Mother Teresa was . . . not a saint
Mother Teresa was . . . not a saint

Mother Teresa was . . . not a saint

Mother Teresa was . . . not a saint. Well, technically she was, but in practice, not so much. How dare someone criticize a saint? It’s easier if you realize that religion is a human construct, and that saints and miracles don’t exist except in the minds of people who built one of the largest and most successful systems of control in human history.
–On This Day in History Shit Went Down: October 7, 1950–
Born Anjezë Gonxhe Bojaxhiu in 1910 in what is now North Macedonia, then later becoming Sister Teresa, she proclaimed that while visiting Calcutta (now Kolkata) she received an “order” as a religious experience to help the poor. Her missionary work received enough attention that on October 7, 1950, the Vatican okayed the Missionaries of Charity. She claimed its intention was to help “the hungry, the naked, the homeless, the crippled, the blind, the lepers, all those people who feel unwanted, unloved, uncared for throughout society . . .” Just how well she cared for such people became a subject of much debate.
Being she won a Nobel Peace Prize in 1979, and the Catholic Church canonized her in 2016, there has of course been much criticism of the criticism, but the criticism is based on direct observation and research, so here we go.

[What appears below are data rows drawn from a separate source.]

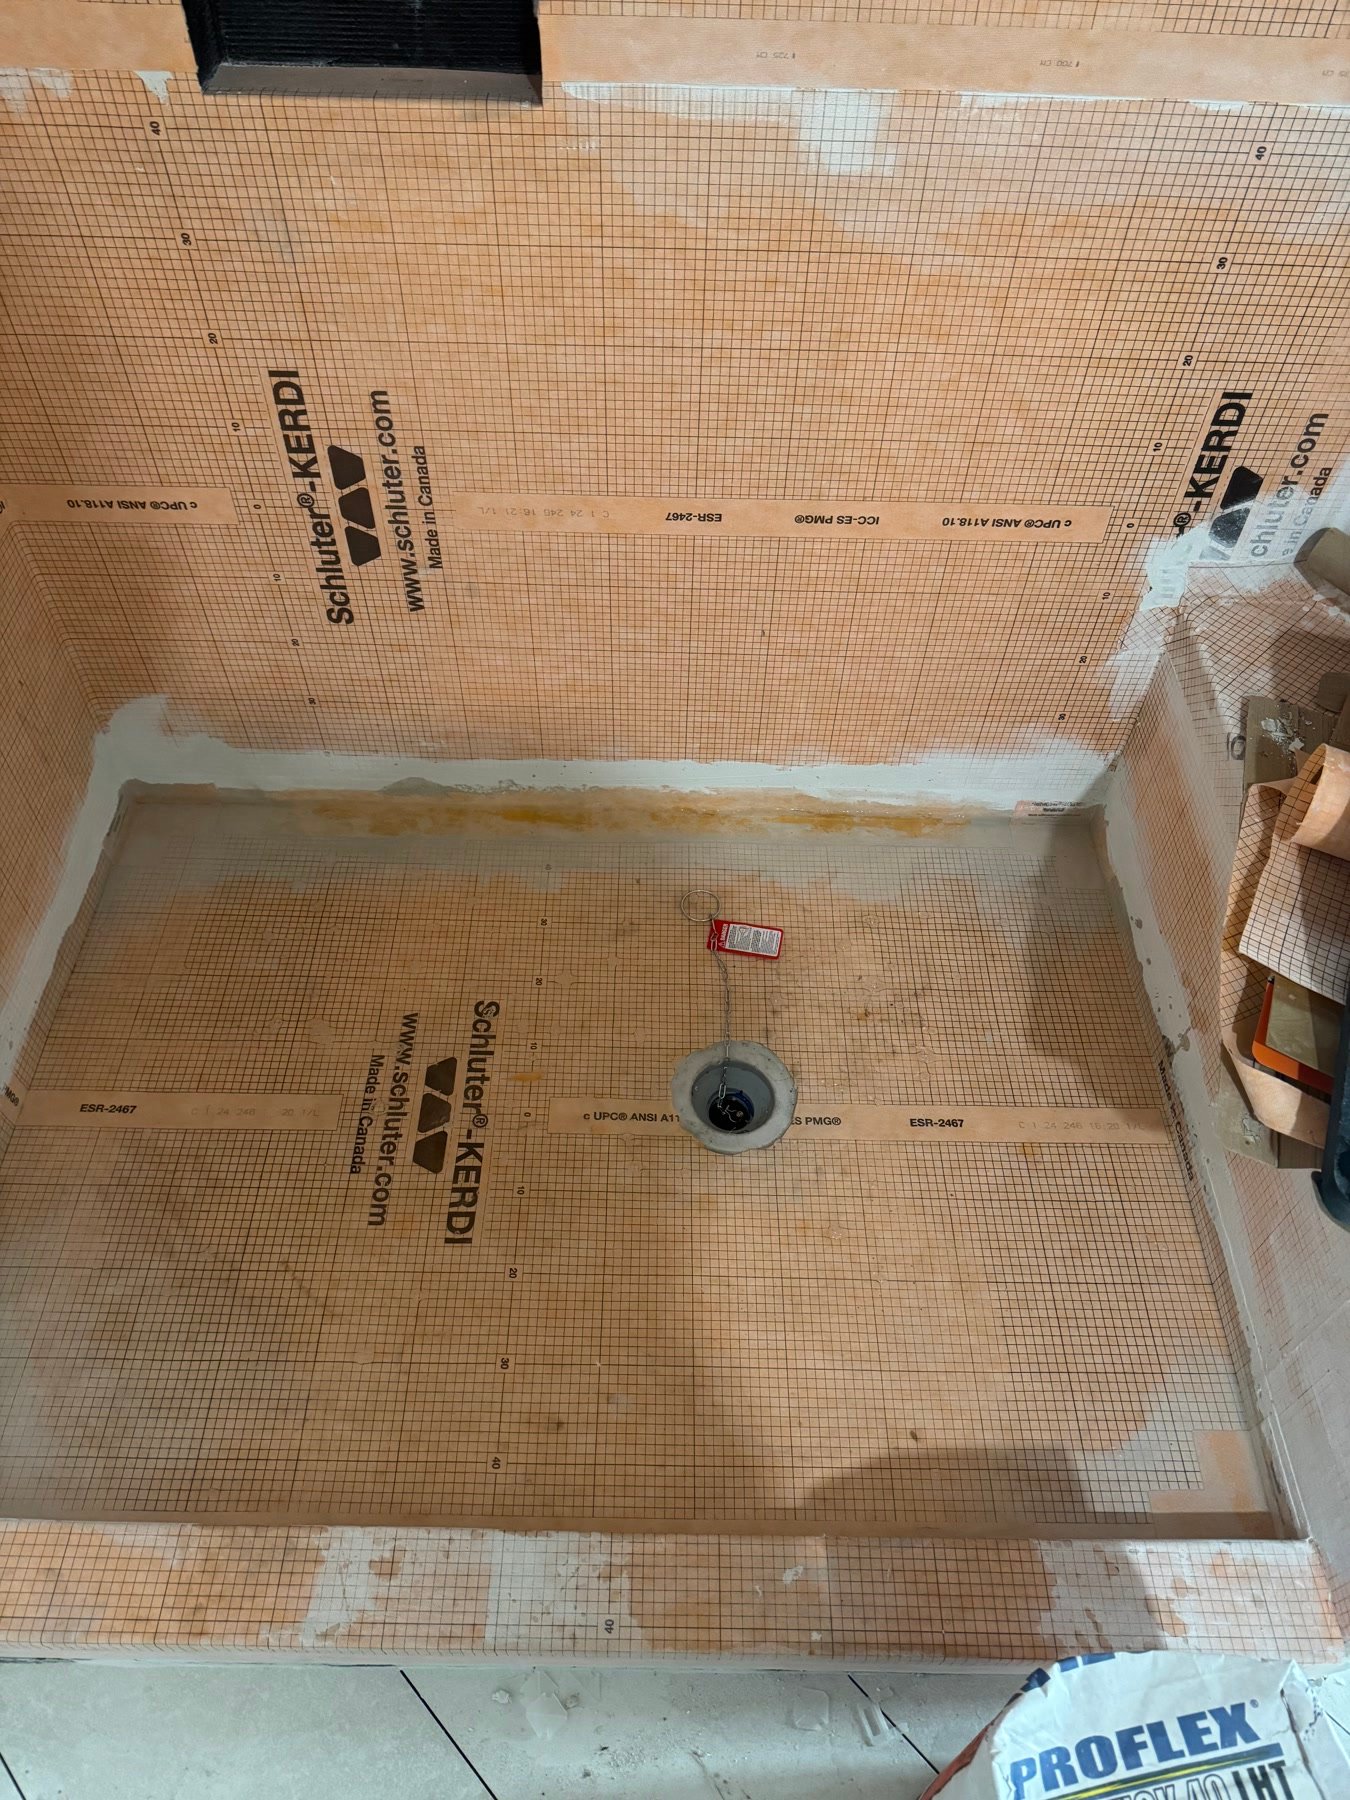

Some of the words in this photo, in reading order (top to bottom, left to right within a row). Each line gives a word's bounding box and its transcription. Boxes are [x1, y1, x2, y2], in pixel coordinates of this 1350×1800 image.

[149, 121, 161, 136] 40
[1255, 146, 1267, 161] 40
[181, 232, 192, 246] 30
[1216, 257, 1228, 270] 30
[208, 332, 219, 345] 20
[1182, 355, 1194, 367] 20
[231, 421, 241, 432] 10
[1153, 442, 1163, 453] 10
[411, 445, 433, 507] Canada
[1250, 412, 1329, 558] chluter.com
[268, 370, 355, 625] Schluter®-KERDI
[370, 389, 425, 613] www.schluter.com
[66, 498, 114, 510] A118.10
[118, 500, 146, 510] ANSI
[150, 500, 188, 511] UPC®
[423, 510, 436, 526] in
[665, 511, 722, 523] ESR-2467
[794, 513, 833, 525] PMG®
[836, 514, 879, 527] ICC-ES
[942, 516, 989, 528] A118.10
[991, 517, 1022, 528] ANSI
[1024, 517, 1061, 529] UPC®
[1064, 519, 1072, 528] c
[426, 528, 444, 569] Made
[272, 573, 281, 582] 10
[1102, 591, 1111, 601] 10
[291, 638, 300, 647] 20
[540, 917, 548, 927] 30
[535, 977, 543, 986] 20
[530, 1042, 538, 1051] 10
[364, 1055, 385, 1094] Made
[79, 1103, 137, 1115] ESR-2467
[362, 1097, 377, 1110] in
[368, 1012, 419, 1226] www.schluter.com
[444, 1000, 500, 1244] Schluter®-KERDI
[583, 1113, 591, 1121] c
[593, 1111, 628, 1122] UPC®
[630, 1112, 658, 1122] ANSI
[804, 1116, 842, 1126] PMG®
[1158, 1059, 1172, 1101] Made
[1175, 1121, 1194, 1182] Canada
[909, 1117, 965, 1129] ESR-2467
[350, 1115, 373, 1175] Canada
[516, 1185, 525, 1195] 10
[508, 1267, 518, 1279] 20
[500, 1357, 510, 1370] 30
[491, 1456, 501, 1470] 40
[604, 1618, 615, 1634] 40

Dr. Aroup Chatterjee, a physician born and raised in Kolkata, spent years as an activist in the city’s slums and worked in one of Teresa’s charitable homes. Disgusted with what he saw, he conducted over a hundred interviews to write a book describing Teresa’s “cult of suffering.” Noted atheist Christopher Hitchens penned his own short polemical tome criticizing Teresa for using the wretched state of those she professed to help as propaganda pieces to promote fundamentalist Catholicism.
Tremendous amounts of money poured into the Missionaries of Charity, but most didn’t appear to find its way to helping those in need. Rather, it went toward converting people to Christianity. Children were tied to beds. Those dying in agony were given little more than aspirin. Hypodermic needles were reused, and there was zero privacy even for defecation. People with no medical training administered long-expired medicines. Shit-stained blankets were washed in the same sink as dishes.
The editor for The Lancet, who visited Teresa’s Kolkata hospice in 1994, described the care as “haphazard” and observed that many in the hospice weren’t actually dying, but simply ill; yet there was no proper diagnosis or effort to save them. Pain management was practically nonexistent. And a 2013 academic study out of the University of Montreal revealed that her hallowed image was carefully constructed by the Catholic Church rather than earned via merit, and that the missions practiced “caring for the sick by glorifying their suffering instead of relieving it.”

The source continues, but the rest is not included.